私は、屋上が好きだ。空を直そこに感じられるから。

小学生の頃は、屋上は出入り禁止だったけれど、私は放課後こっそり屋上に上っては、先生に怒られてたっけ。

でも、屋上は、いつも最上級生である3年生の先輩であふれている。

私たち2年生の貸切にできることは、先輩が研修で出かけておられる日ぐらいだ。

だから、屋上で一人きり、なんてことは、無理に等しい。

だけど、私は知っている。

絶対に誰もいない、サボりの人だって、絶対来ない、瞬間を。


「はぁ・・・」

心のそこから息を吐き出す。

溜息じゃない。

フェンスにすがって、息を吐き出すと、すごく心が落ち着く。

空と同化したような気分になれる。

大きな空を、一人で貸しきったような気分になる。

その時間・・・それは、昼休み終了の10分前だ。

先輩たちは、一階にある教室に慌てて下りていく。

1年生たちは、裏校則なんて、厄介なものがあるせいで屋上には来ないし、

2年生は先輩がいないという事実を知らない。

だから、この10分間だけは、屋上を独り占めできる。

貴重な時間。だから、私は晴れた日は、必ずここにやってくる。

10分間、ただ、空をながめて思いにふけっているんだ。

智倖に言ったら、バカにされるだろうな、何て思いながら、ぽっかりと浮かぶ真っ白い雲をぼんやりとながめた。

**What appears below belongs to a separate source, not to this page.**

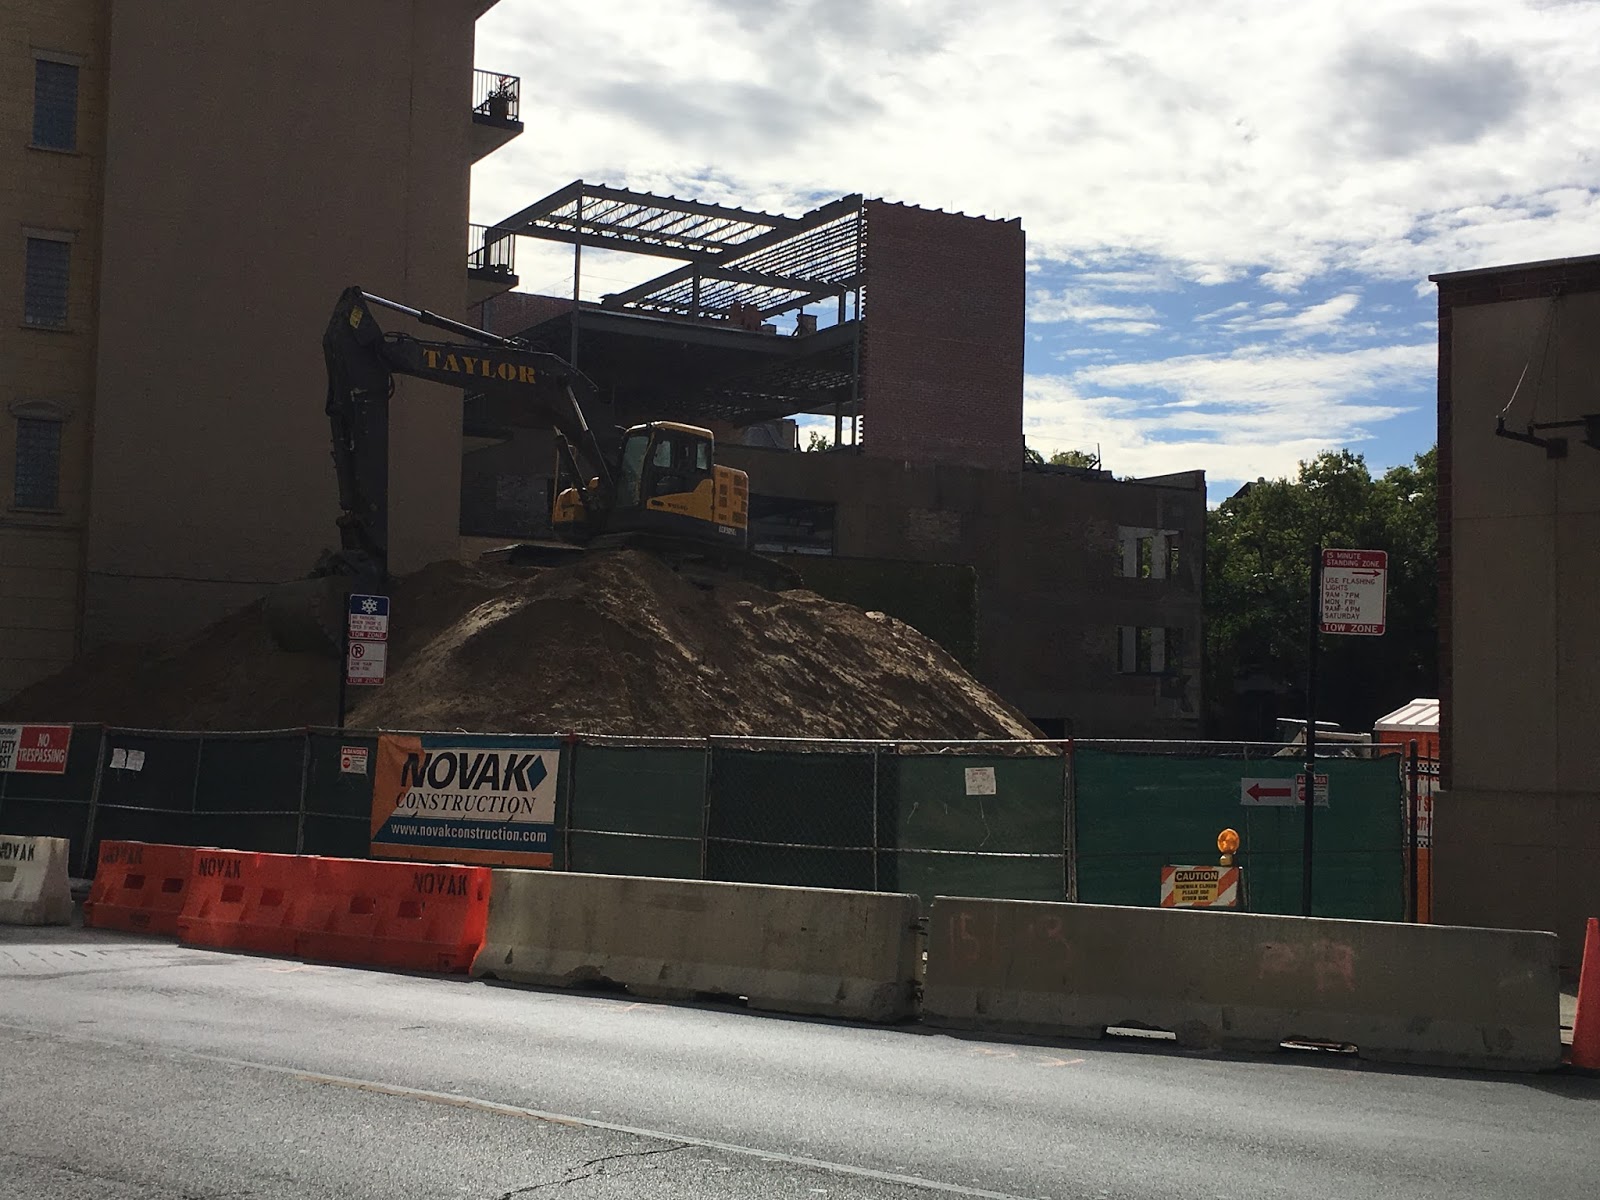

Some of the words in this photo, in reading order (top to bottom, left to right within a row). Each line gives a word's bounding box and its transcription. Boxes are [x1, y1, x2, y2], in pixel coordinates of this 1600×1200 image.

屋上の時計を眺めると、もう授業が始まる寸前で、私は慌てて教室へ戻った。


「ねぇ、遊佐、知ってる?」

「何が?」

教室に戻ると、後の席の舞架(まいか)が声をかけてきた。

「哉都君、この間の作文コンクールで金賞取ったららしいよ!明日、全校集会で表彰だって」

「へぇ・・・」

私は特別興味があるわけではなかったので、適当に相槌をうった。

「すごいよね、だって、全国だよ、全国!」

それにかまわず舞架は興奮した様子で続ける。

私は、愛想笑いを浮かべて話を聞きながら、思った。

彼は一体、こんな風に褒め称えられ、どう思っているのだろう。

すごく思考をめぐらせたのだろうか?ものすごい努力と苦労をしたのだろうか?

だけど・・・直に、彼の周りの人たちは、彼がこんな賞を採るのは当然だと思い込む。

絶対。

そうなったら、彼の立場は、どうなってしまうのだろう?

さらに、コーティングした壁は厚くなり、重圧に耐えられなくなってしまうのではないか?


私の心配は、無用ですか?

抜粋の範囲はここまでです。